Respondents to the 2021 U.S. Health of Cash Study, conducted by Javelin Strategy & Research, cited a number of benefits and characteristics that make cash an important payment option:

  • Cash protects my privacy and financial security (66%).
  • Allowing people to pay in cash is important for society (63%).
  • Cash is safe to use (58%).
  • Cash is as important today as it ever was (54%).
  • Cash is often the easiest way to pay (44%).

One of the most interesting findings of the study was that underbanked consumers who consistently relied on cash also expanded their digital payment usage. In fact, underbanked consumers regularly used a variety of digital payment options, with significant increases across person-to-person (P2P) payments (29%), digital wallets (28%) and merchant wallets (24%), even as other demographics reported less usage.

For digital commerce to grow and succeed, cash accessibility must expand and be integrated through multiple channels, which would better provide access to those for whom cash is their primary payment method, either by choice or circumstance.

For underbanked consumers and others who prefer using cash, linking cash and digital payments through automated devices, typically the ATM, has the potential to democratize digital commerce, while creating new revenue streams for a wide range of businesses.

Both banked and underbanked consumers see value in using ATMs as a way to participate in the digital economy and access other services beyond the provision of cash. Among all survey respondents, redeeming rewards for cash (41% of all consumers and 59% of underbanked consumers) and receiving funds from a P2P app (31% of all consumers and 57% of underbanked consumers) emerged as popular options. Underbanked consumers see value in even more opportunities at the ATM, such as check-cashing (52%) and loan dispersals (50%).

Cash is typically not a payment option for digital commerce, but consumer preferences indicate that it should be.

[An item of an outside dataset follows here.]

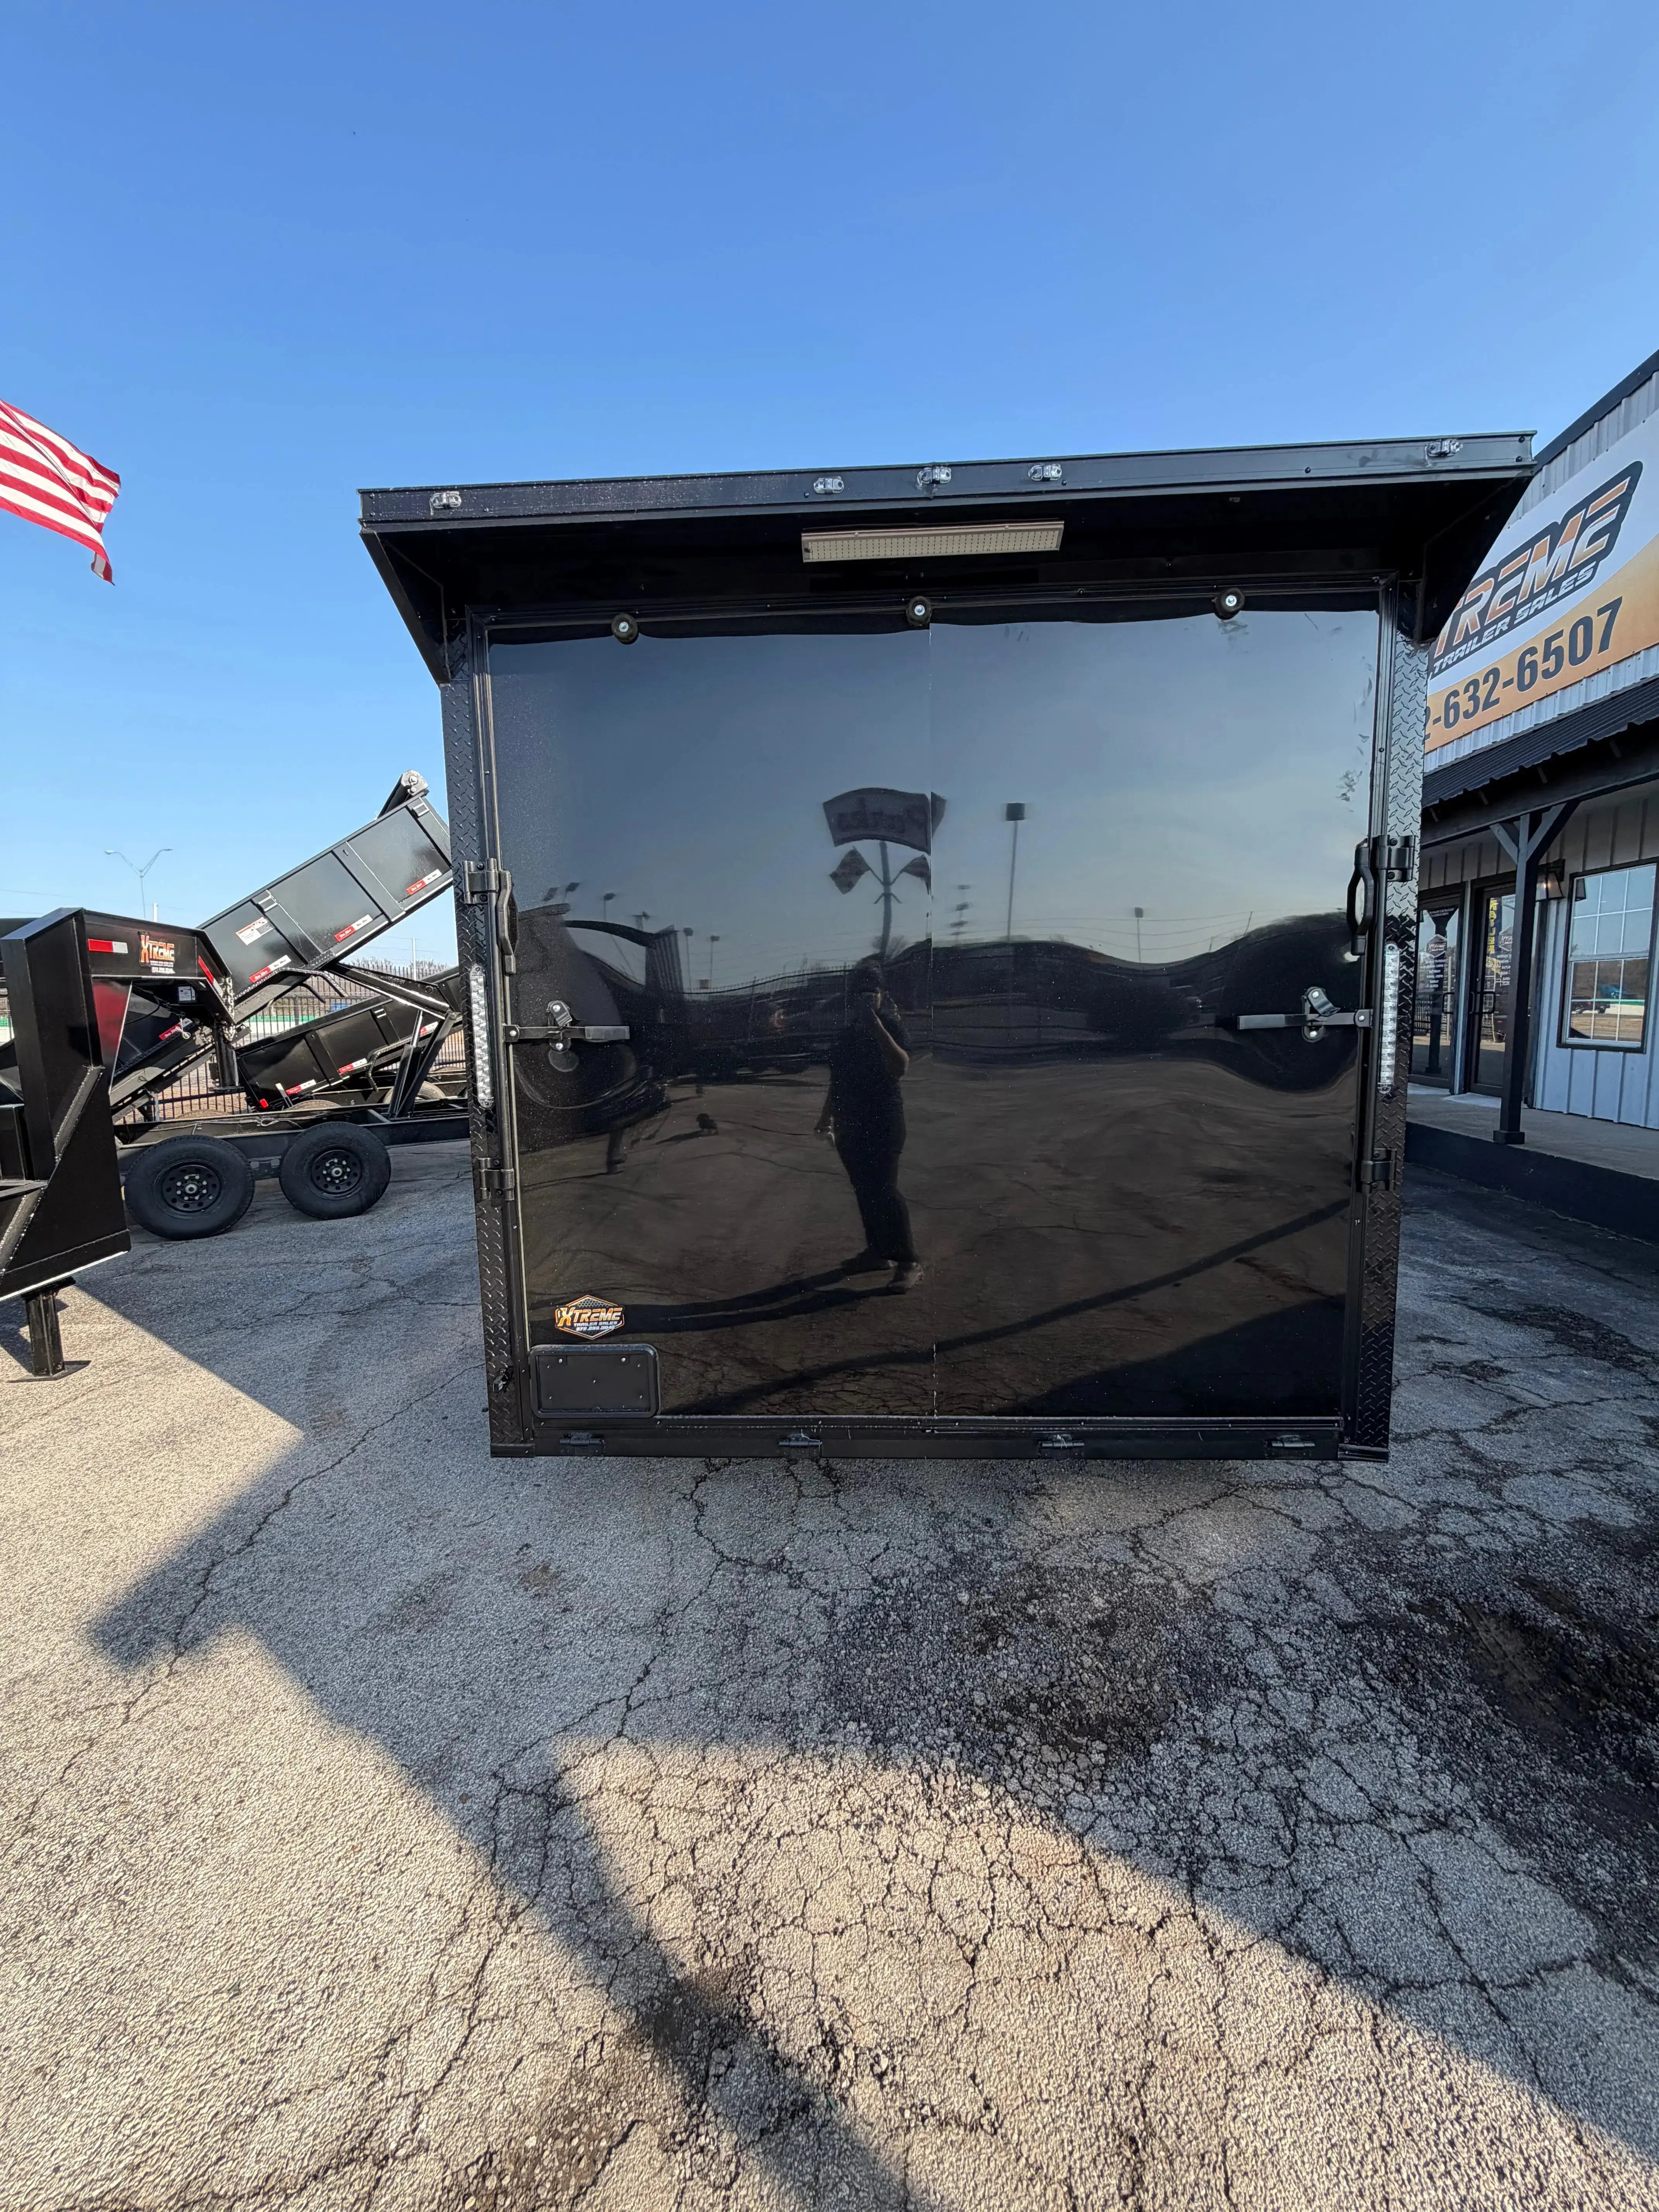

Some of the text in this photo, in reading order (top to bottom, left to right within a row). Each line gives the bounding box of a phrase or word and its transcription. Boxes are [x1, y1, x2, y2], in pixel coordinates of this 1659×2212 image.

[1433, 560, 1597, 674] TRAILER SALES
[1434, 476, 1630, 658] TREME
[557, 1307, 623, 1327] XTREME

Respondents cited cash as a preferred payment method for buying online and picking up in-store (19%), order-ahead food (28%) and personal services (31%), but digital platforms do not have a way to accept cash for these services.

When properly equipped with the necessary software and hardware, the ATM can act as an automated, always available intermediary between consumers who need or have cash and the many different digital accounts—both traditional bank accounts and others—that hold value in a digital format.

Cash remains a healthy and robust part of the overall payments mix and serves as a vital on-ramp for future commerce for all members of society.

Consumers find cash easier, faster and more convenient than debit cards and view it as secure and always available. Adding cash options to digital platforms, particularly via self-service at the ATM, will help bring cash-preferring and cash-dependent consumers into the digital economy, and allow them to better use their payment method of choice.

Digital payments will continue to grow, building on an increase in first-time usage during the pandemic. However, cash remains important for the majority of consumers. The emergence of new ways to pay and changing digital shopping habits are accelerating the need to merge the digital and physical payment worlds sooner rather than later.

Carter Hunt is chief revenue officer at Cardtronics.